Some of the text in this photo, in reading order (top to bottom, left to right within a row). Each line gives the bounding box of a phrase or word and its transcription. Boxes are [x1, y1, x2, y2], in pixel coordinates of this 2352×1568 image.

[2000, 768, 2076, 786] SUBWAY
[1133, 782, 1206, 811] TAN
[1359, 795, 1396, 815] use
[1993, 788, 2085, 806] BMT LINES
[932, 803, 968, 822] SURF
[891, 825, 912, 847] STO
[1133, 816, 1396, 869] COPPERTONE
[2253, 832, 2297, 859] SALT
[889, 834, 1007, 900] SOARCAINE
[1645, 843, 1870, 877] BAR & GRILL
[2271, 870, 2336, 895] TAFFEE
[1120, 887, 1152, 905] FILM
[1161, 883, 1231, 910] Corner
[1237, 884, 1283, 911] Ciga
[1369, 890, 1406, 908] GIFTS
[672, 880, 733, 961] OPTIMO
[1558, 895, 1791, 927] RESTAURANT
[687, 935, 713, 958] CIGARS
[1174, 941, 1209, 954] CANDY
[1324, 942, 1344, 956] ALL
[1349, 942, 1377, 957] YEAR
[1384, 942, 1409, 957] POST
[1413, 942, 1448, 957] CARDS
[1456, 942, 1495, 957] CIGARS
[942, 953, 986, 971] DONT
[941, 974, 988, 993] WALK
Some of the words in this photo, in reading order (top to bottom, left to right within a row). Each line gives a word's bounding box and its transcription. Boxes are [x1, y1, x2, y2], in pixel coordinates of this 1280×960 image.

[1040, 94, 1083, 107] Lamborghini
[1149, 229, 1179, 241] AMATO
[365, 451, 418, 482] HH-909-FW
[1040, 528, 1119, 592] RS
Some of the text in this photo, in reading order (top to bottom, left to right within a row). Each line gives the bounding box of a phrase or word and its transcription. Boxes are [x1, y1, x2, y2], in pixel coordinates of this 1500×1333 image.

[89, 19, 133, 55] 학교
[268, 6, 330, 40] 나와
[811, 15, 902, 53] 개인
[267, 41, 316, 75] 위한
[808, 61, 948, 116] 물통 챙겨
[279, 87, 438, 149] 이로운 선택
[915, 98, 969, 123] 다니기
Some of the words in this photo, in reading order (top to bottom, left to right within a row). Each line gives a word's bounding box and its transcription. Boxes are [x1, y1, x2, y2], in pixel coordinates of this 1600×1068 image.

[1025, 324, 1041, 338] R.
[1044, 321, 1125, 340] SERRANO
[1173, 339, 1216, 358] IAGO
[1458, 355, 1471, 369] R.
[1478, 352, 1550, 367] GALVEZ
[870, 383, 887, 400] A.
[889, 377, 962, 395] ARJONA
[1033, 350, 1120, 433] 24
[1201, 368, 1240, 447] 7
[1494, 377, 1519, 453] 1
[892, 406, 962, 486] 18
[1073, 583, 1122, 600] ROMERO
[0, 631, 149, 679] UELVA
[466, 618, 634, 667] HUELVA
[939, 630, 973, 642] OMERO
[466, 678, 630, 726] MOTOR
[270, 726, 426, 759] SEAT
= = = =
=== WHAT TO DO ===
Set down exactly the lines of the material above from the one with "this 1600×1068 image." through the end. Include both ends and nothing else.

=== EXERCISE ANSWER ===
Some of the words in this photo, in reading order (top to bottom, left to right within a row). Each line gives a word's bounding box and its transcription. Boxes are [x1, y1, x2, y2], in pixel coordinates of this 1600×1068 image.

[1025, 324, 1041, 338] R.
[1044, 321, 1125, 340] SERRANO
[1173, 339, 1216, 358] IAGO
[1458, 355, 1471, 369] R.
[1478, 352, 1550, 367] GALVEZ
[870, 383, 887, 400] A.
[889, 377, 962, 395] ARJONA
[1033, 350, 1120, 433] 24
[1201, 368, 1240, 447] 7
[1494, 377, 1519, 453] 1
[892, 406, 962, 486] 18
[1073, 583, 1122, 600] ROMERO
[0, 631, 149, 679] UELVA
[466, 618, 634, 667] HUELVA
[939, 630, 973, 642] OMERO
[466, 678, 630, 726] MOTOR
[270, 726, 426, 759] SEAT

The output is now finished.